● **Exercise description**
Without including any pictures, copy every line below exactly.
----- Entries provided -----
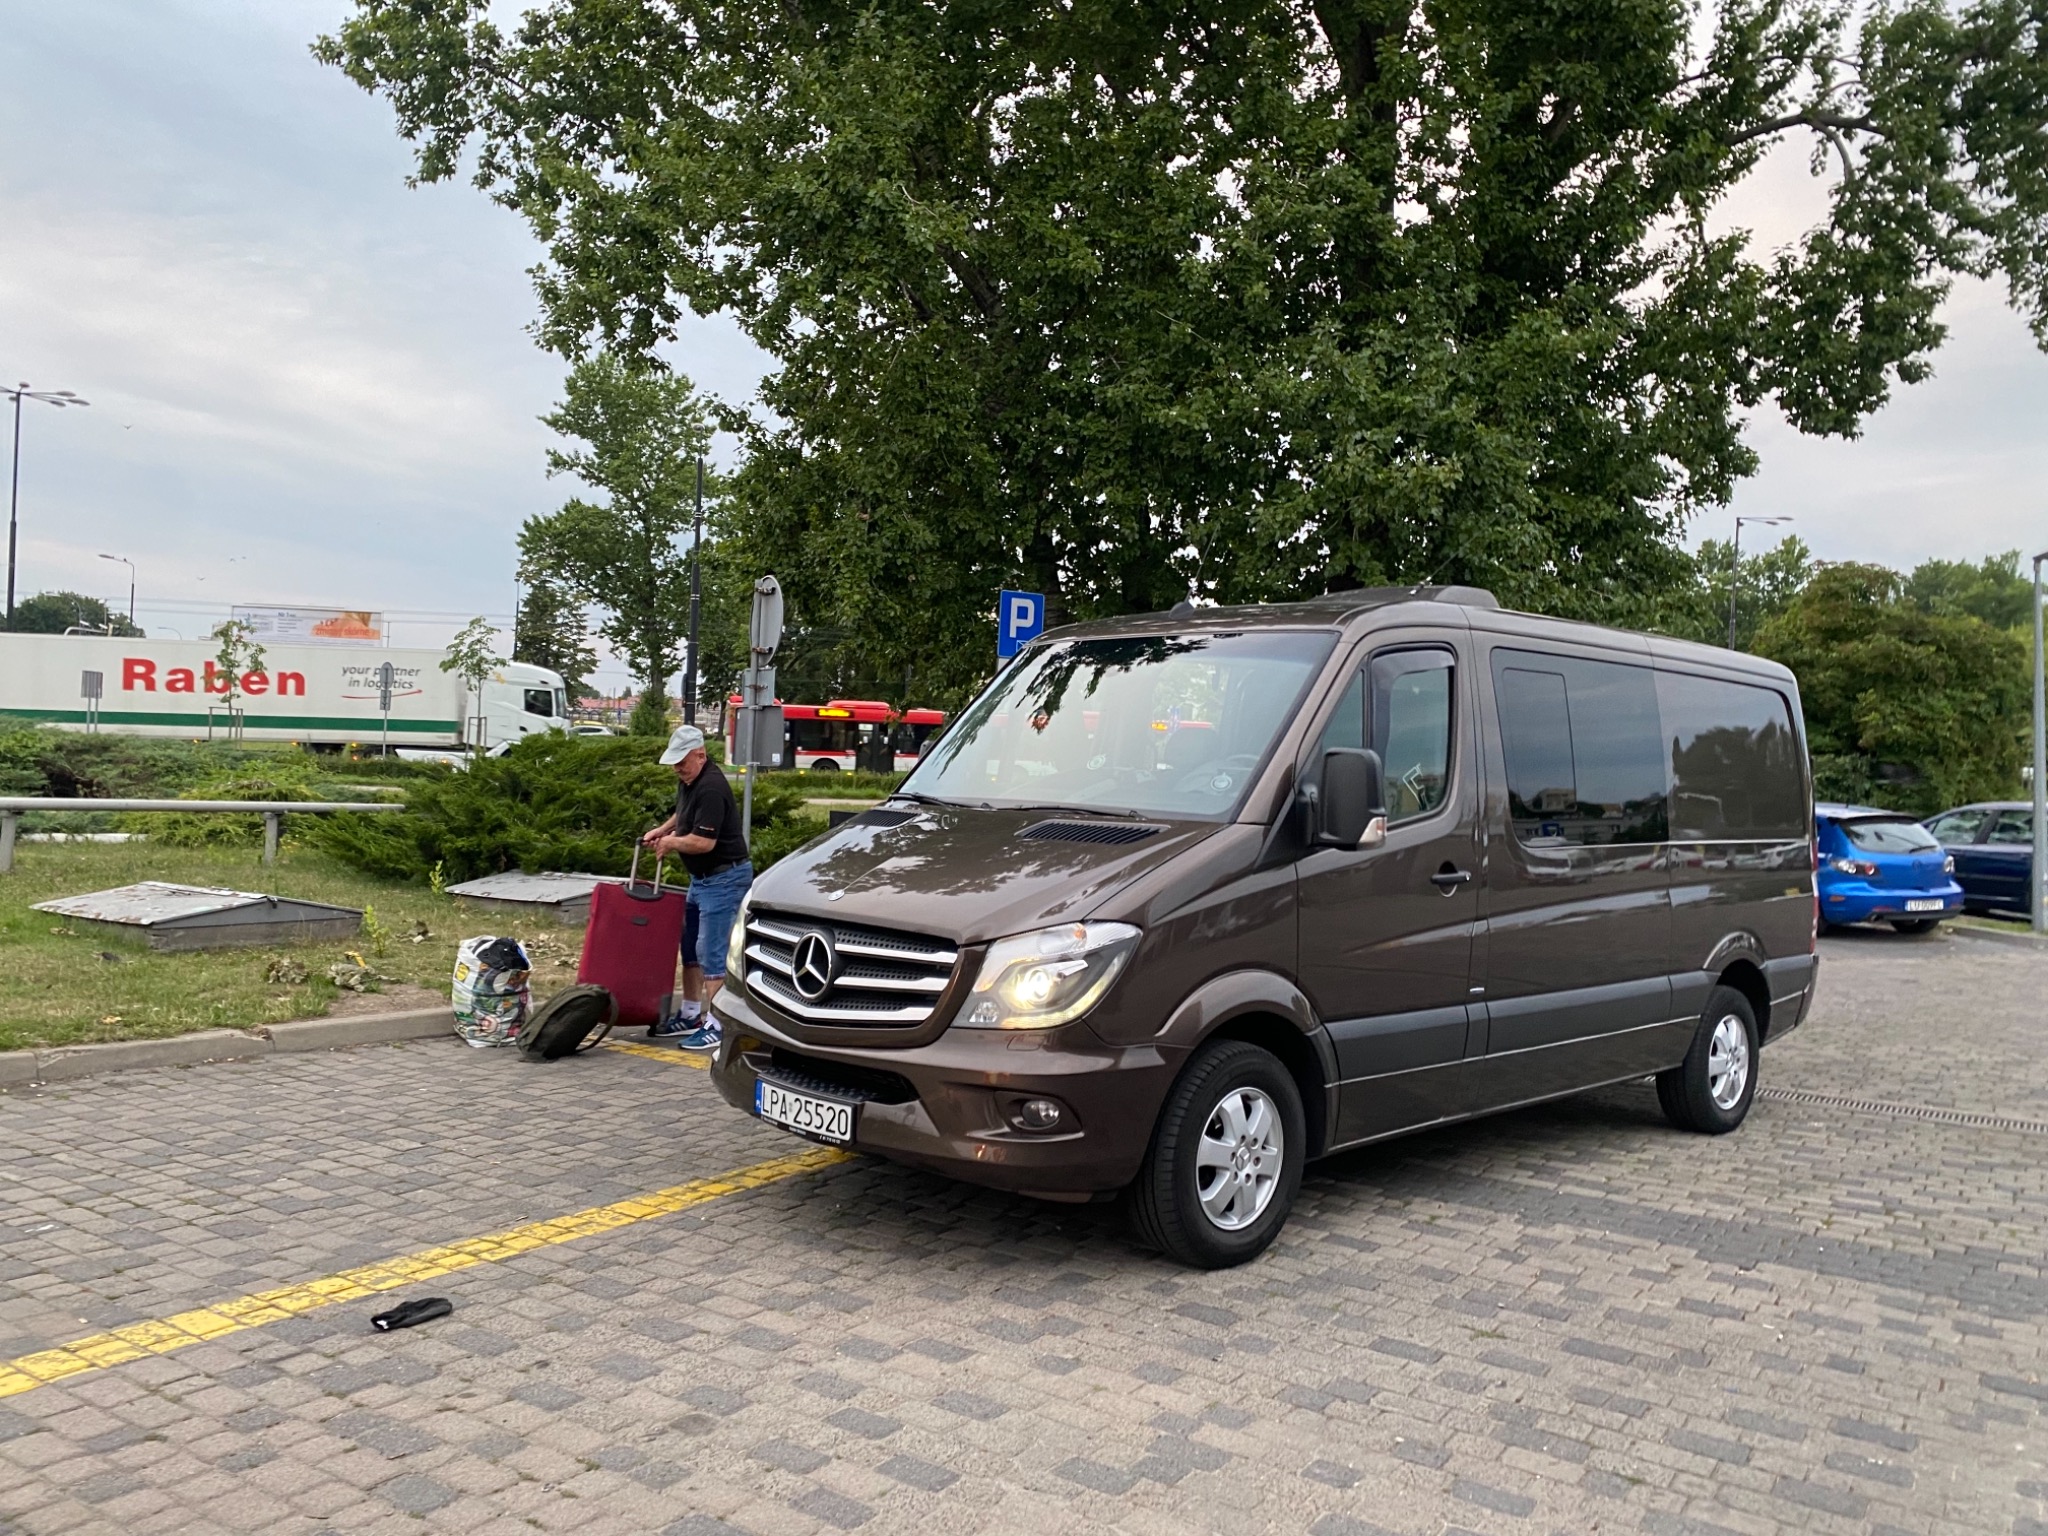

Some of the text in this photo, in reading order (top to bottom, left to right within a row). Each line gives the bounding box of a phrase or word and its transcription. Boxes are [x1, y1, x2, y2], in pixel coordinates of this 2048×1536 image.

[1009, 597, 1035, 638] P
[122, 657, 306, 697] Raben
[341, 666, 421, 678] your ptner
[348, 677, 414, 691] in logtics
[762, 1086, 849, 1136] LPA 25520
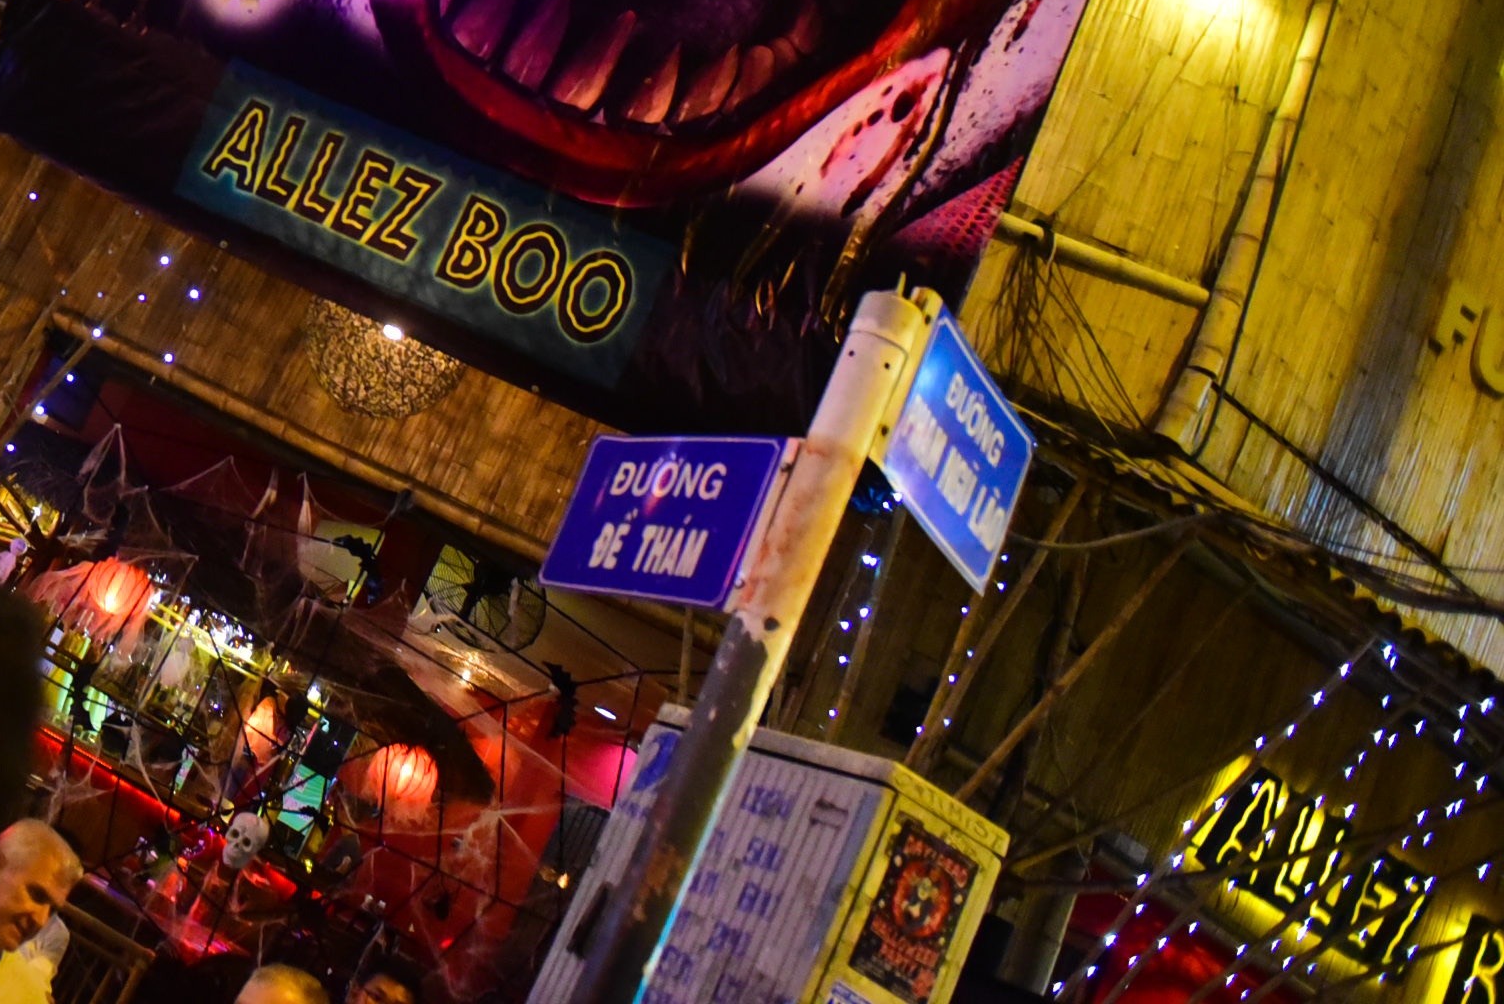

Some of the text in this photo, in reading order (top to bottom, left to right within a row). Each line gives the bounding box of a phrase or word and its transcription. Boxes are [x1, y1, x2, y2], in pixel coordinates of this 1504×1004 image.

[202, 98, 634, 345] ALLEZ BOO
[610, 452, 727, 500] ĐƯỜNG
[631, 513, 709, 579] THÁM
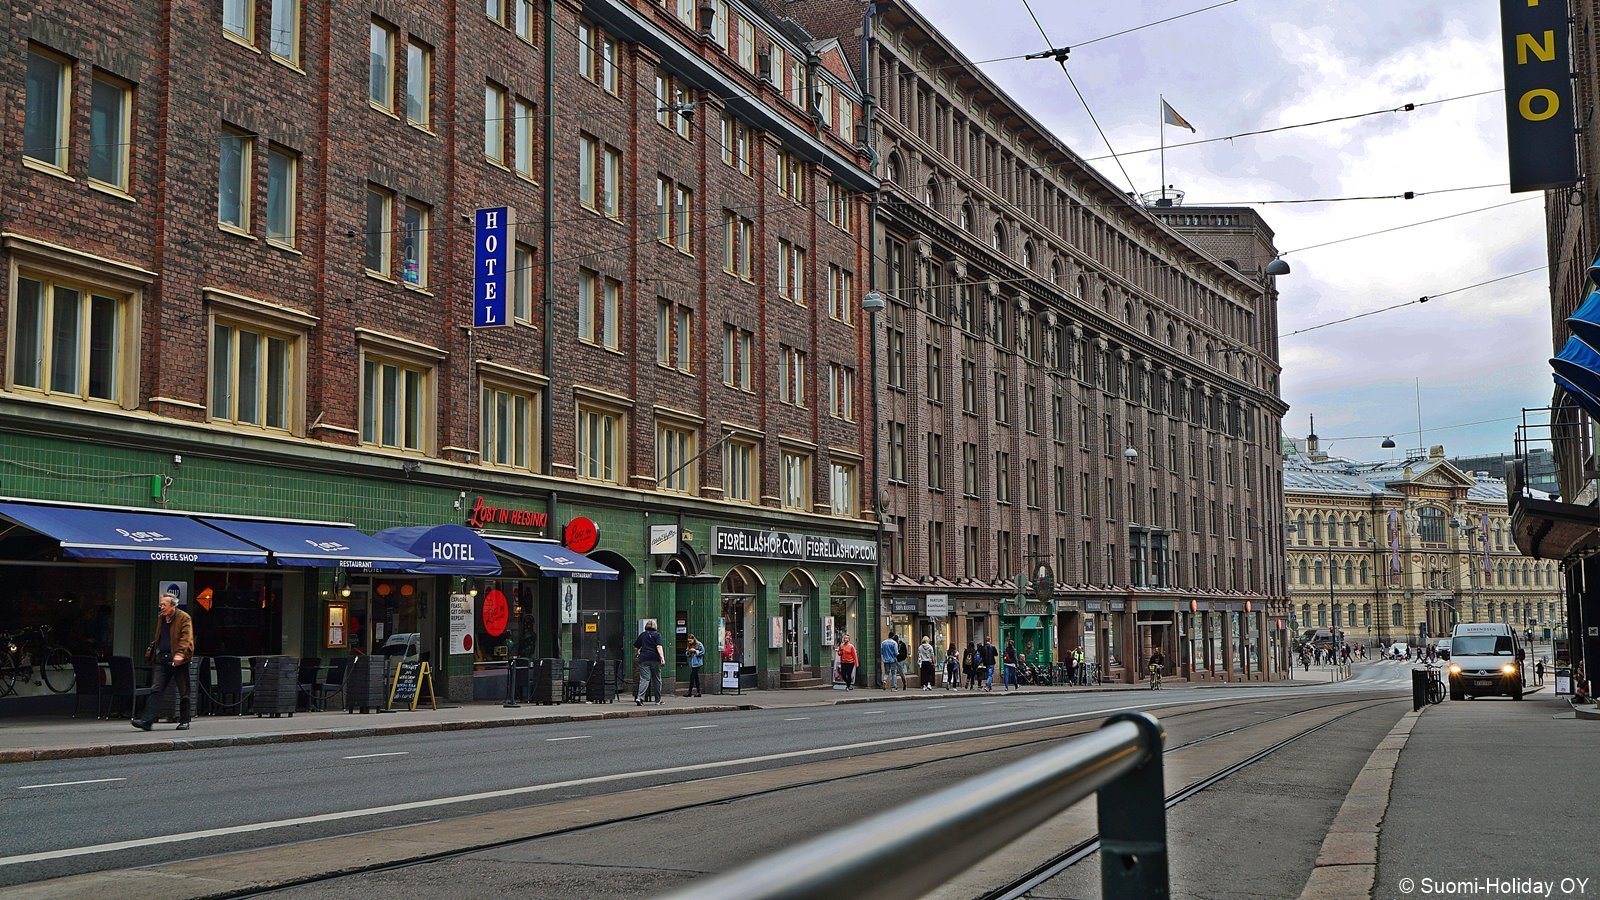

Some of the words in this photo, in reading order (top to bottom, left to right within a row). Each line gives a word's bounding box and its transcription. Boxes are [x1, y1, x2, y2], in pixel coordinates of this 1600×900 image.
-----
● **Task output**
Some of the text in this photo, in reading order (top to bottom, left to right within a row). Each line gives the bounding box of a phrase or word and its transcription. Boxes are [x1, y1, x2, y2], in pixel coordinates of this 2048×1536 image.

[1009, 597, 1035, 638] P
[122, 657, 306, 697] Raben
[341, 666, 421, 678] your ptner
[348, 677, 414, 691] in logtics
[762, 1086, 849, 1136] LPA 25520

Some of the text in this photo, in reading order (top to bottom, left to right within a row). Each line gives the bounding box of a phrase or word and its transcription. Boxes are [x1, y1, x2, y2], in pixel coordinates of this 1504×1004 image.

[202, 98, 634, 345] ALLEZ BOO
[610, 452, 727, 500] ĐƯỜNG
[631, 513, 709, 579] THÁM

Some of the words in this photo, in reading order (top to bottom, left to right within a row). Each line gives a word's bounding box and its transcription. Boxes are [x1, y1, x2, y2], in pixel coordinates of this 1600×900 image.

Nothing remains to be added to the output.